--- Data under study ---
──────────────────────────────

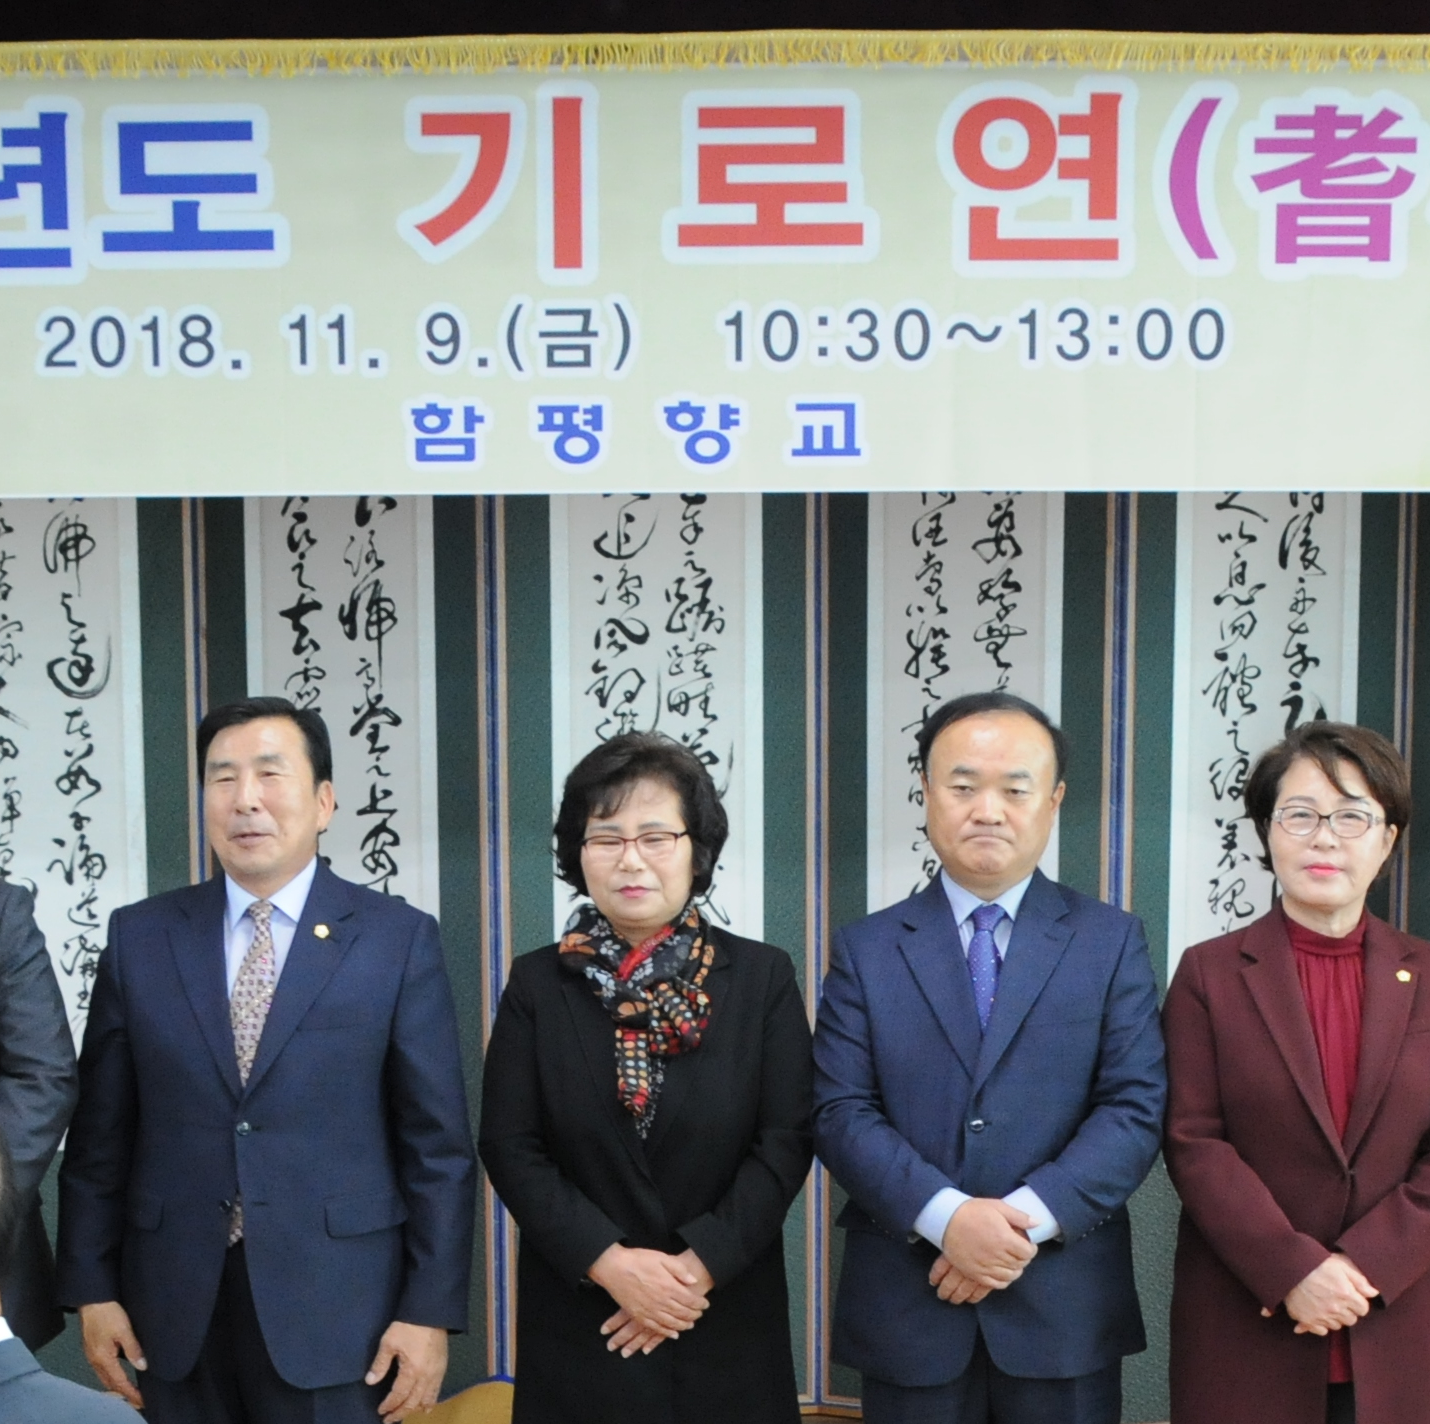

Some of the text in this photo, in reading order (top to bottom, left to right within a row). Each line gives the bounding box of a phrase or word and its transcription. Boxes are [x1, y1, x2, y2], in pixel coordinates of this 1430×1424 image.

[43, 301, 1226, 373] 2018. 11. 9.(금) 10:30~13:00
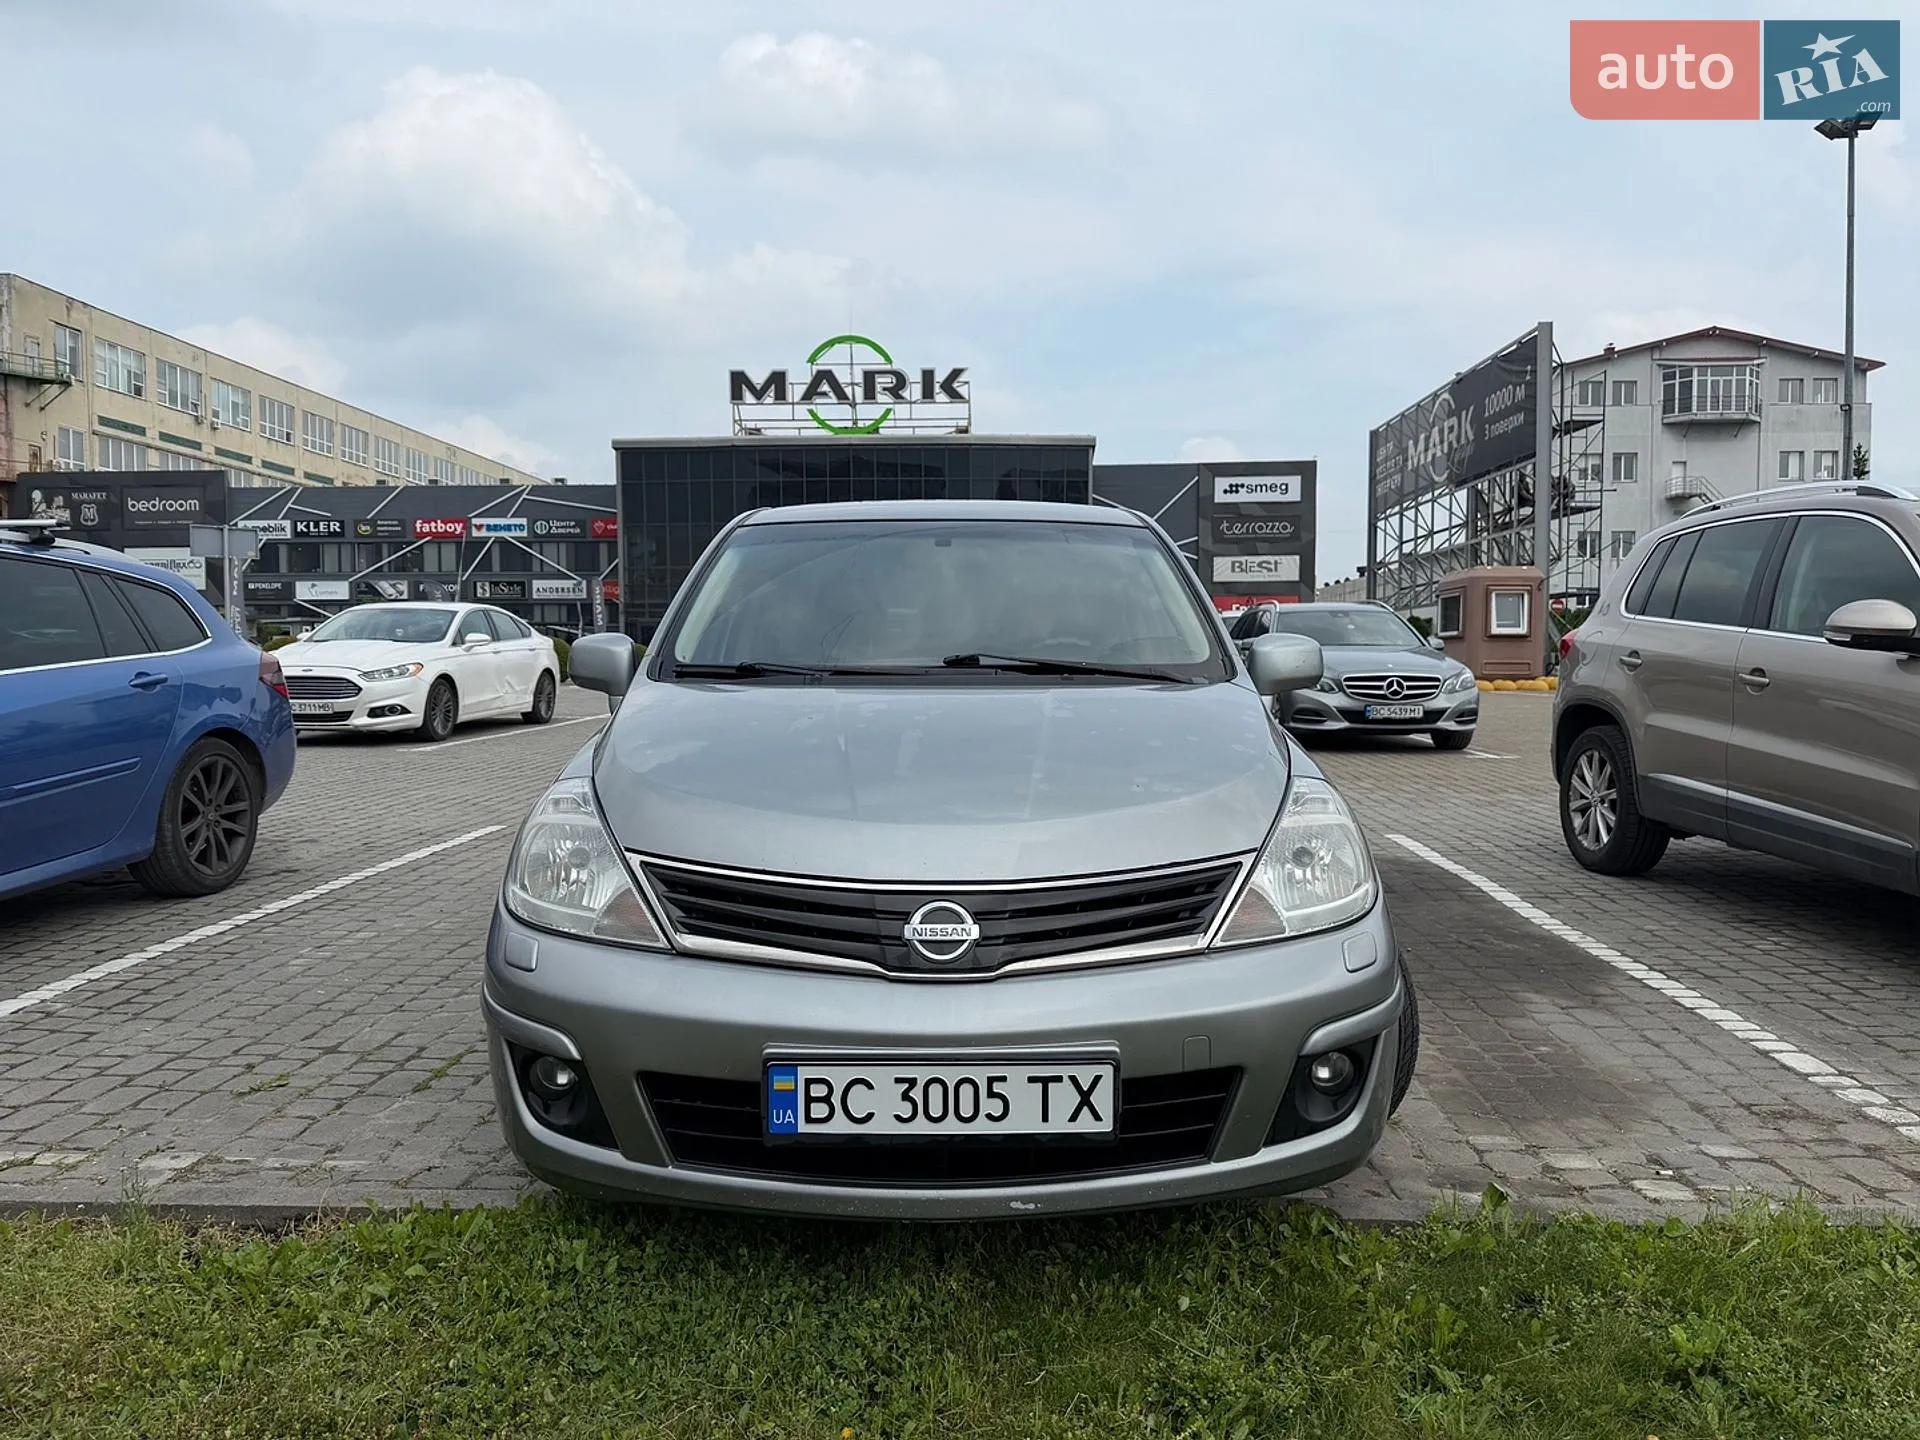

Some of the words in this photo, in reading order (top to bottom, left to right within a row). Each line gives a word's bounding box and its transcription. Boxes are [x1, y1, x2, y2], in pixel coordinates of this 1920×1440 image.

[729, 367, 968, 404] MARK
[1484, 384, 1513, 418] 10000
[1407, 405, 1475, 471] MARK
[1246, 482, 1289, 495] smeg
[128, 497, 199, 512] bedroom
[296, 521, 341, 532] KLER
[415, 520, 463, 534] fatboy
[535, 586, 584, 594] ANDERSEN
[912, 927, 972, 937] NISSAN
[803, 1075, 876, 1125] BC
[893, 1075, 1011, 1124] 3005
[1026, 1074, 1104, 1123] TX
[773, 1109, 795, 1124] UA

──────────────────────────────

--- Requirement ---
If pictures are present, they are dropped, and the entries above are written out word for word.

--- Reply ---
Some of the text in this photo, in reading order (top to bottom, left to right within a row). Each line gives the bounding box of a phrase or word and its transcription. Boxes are [x1, y1, x2, y2], in pixel coordinates of this 1430×1424 image.

[43, 301, 1226, 373] 2018. 11. 9.(금) 10:30~13:00

Some of the words in this photo, in reading order (top to bottom, left to right within a row). Each line gives a word's bounding box and its transcription. Boxes are [x1, y1, x2, y2], in pixel coordinates of this 1920×1440 image.

[729, 367, 968, 404] MARK
[1484, 384, 1513, 418] 10000
[1407, 405, 1475, 471] MARK
[1246, 482, 1289, 495] smeg
[128, 497, 199, 512] bedroom
[296, 521, 341, 532] KLER
[415, 520, 463, 534] fatboy
[535, 586, 584, 594] ANDERSEN
[912, 927, 972, 937] NISSAN
[803, 1075, 876, 1125] BC
[893, 1075, 1011, 1124] 3005
[1026, 1074, 1104, 1123] TX
[773, 1109, 795, 1124] UA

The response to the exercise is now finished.